6.2. Clinical training and competency development
Opportunities for training and mandatory professional development or continuing pharmacy education should be created for CPs in LMICs.115 These must be provided to help CPs to keep up with the expanded roles in chronic disease management. Expanding the clinical knowledge and skills of pharmacists can make a remarkable impact on the health of general populations of LMICs. In addition, interprofessional workshops on the roles of the various healthcare providers with regards to chronic disease care activities should be implemented.
6.3. Remuneration system
Government policies should make provision for CPs to be remunerated for their extended clinical pharmaceutical services.

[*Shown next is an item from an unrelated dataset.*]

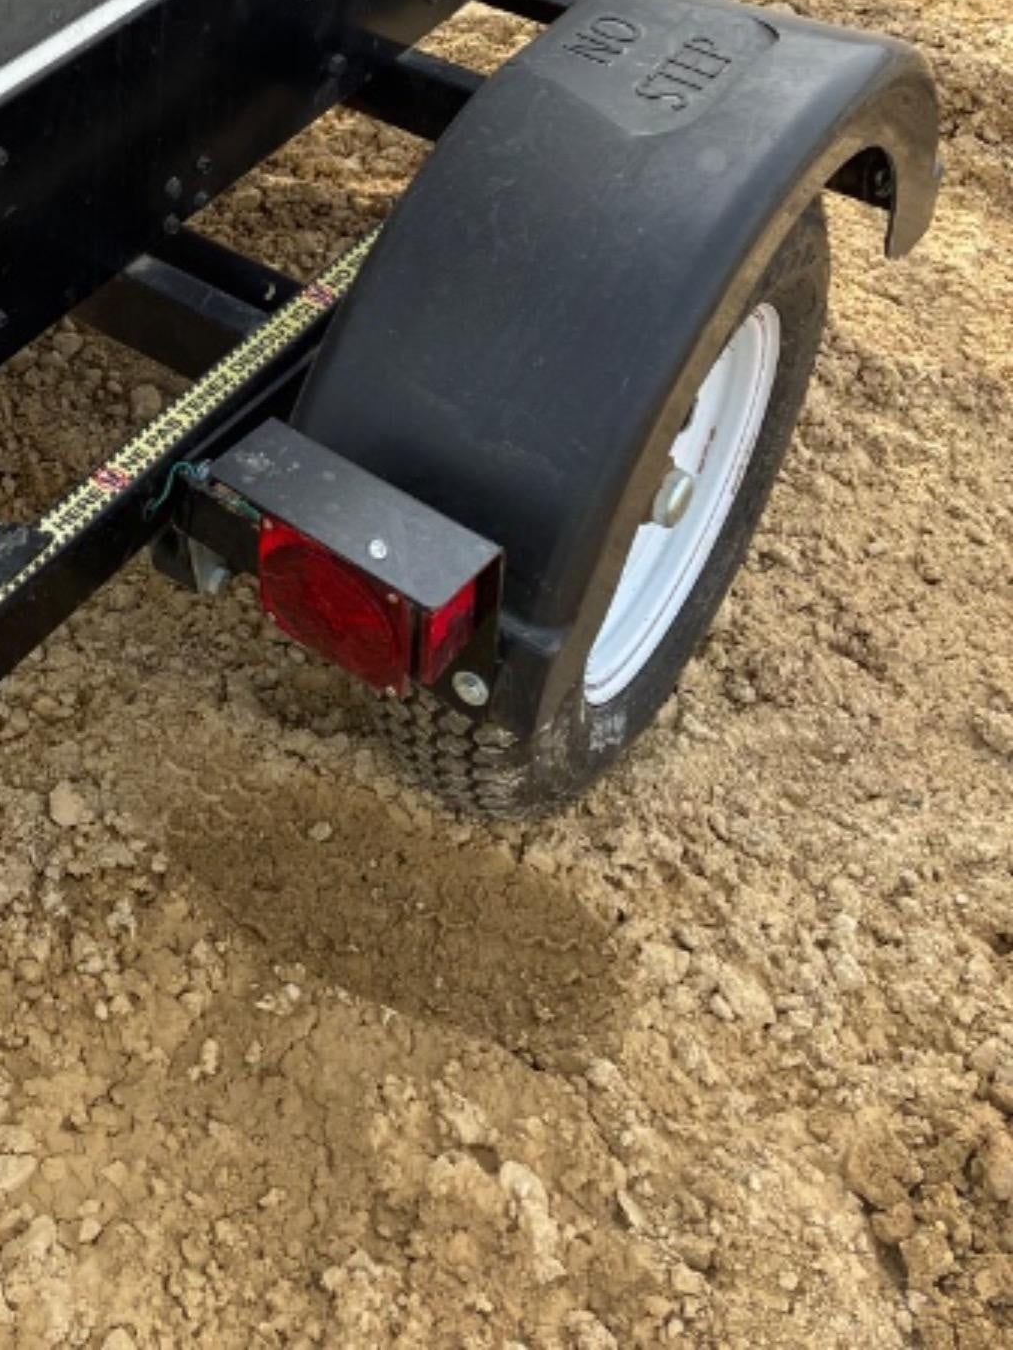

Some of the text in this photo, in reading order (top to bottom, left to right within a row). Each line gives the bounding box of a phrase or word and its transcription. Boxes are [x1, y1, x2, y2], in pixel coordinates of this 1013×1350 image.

[562, 16, 641, 66] NO
[635, 36, 733, 112] STEP
[52, 484, 105, 530] HERE

It is imperative that clinical services that synergize and expand integrated models and enhance access to services led by or provided collaboratively with pharmacists should be remunerated by the government in LMICs.
6.4. Provision of incentives
There is a need for supportive policy action to offer incentives for the establishment of community pharmacies in the remote rural areas to ensure equitable distribution of community pharmacies. This strategy has the capacity to promote universal health care in LMICs.
7. Conclusion
Evidence show that CPs are critical to successful and sustainable national primary healthcare system. Despite the extensive contributions of CPs to the wellness of the population, they are yet to be officially recognized by most governments of LMICs as a member of the primary healthcare team. There is, therefore, a need to implement the recommended policies in order to mitigate the identified barriers and enhance CPs extended role in LMICs.
Declaration of Competing Interest
The authors do not have any conflict of interest or financial interest to disclose.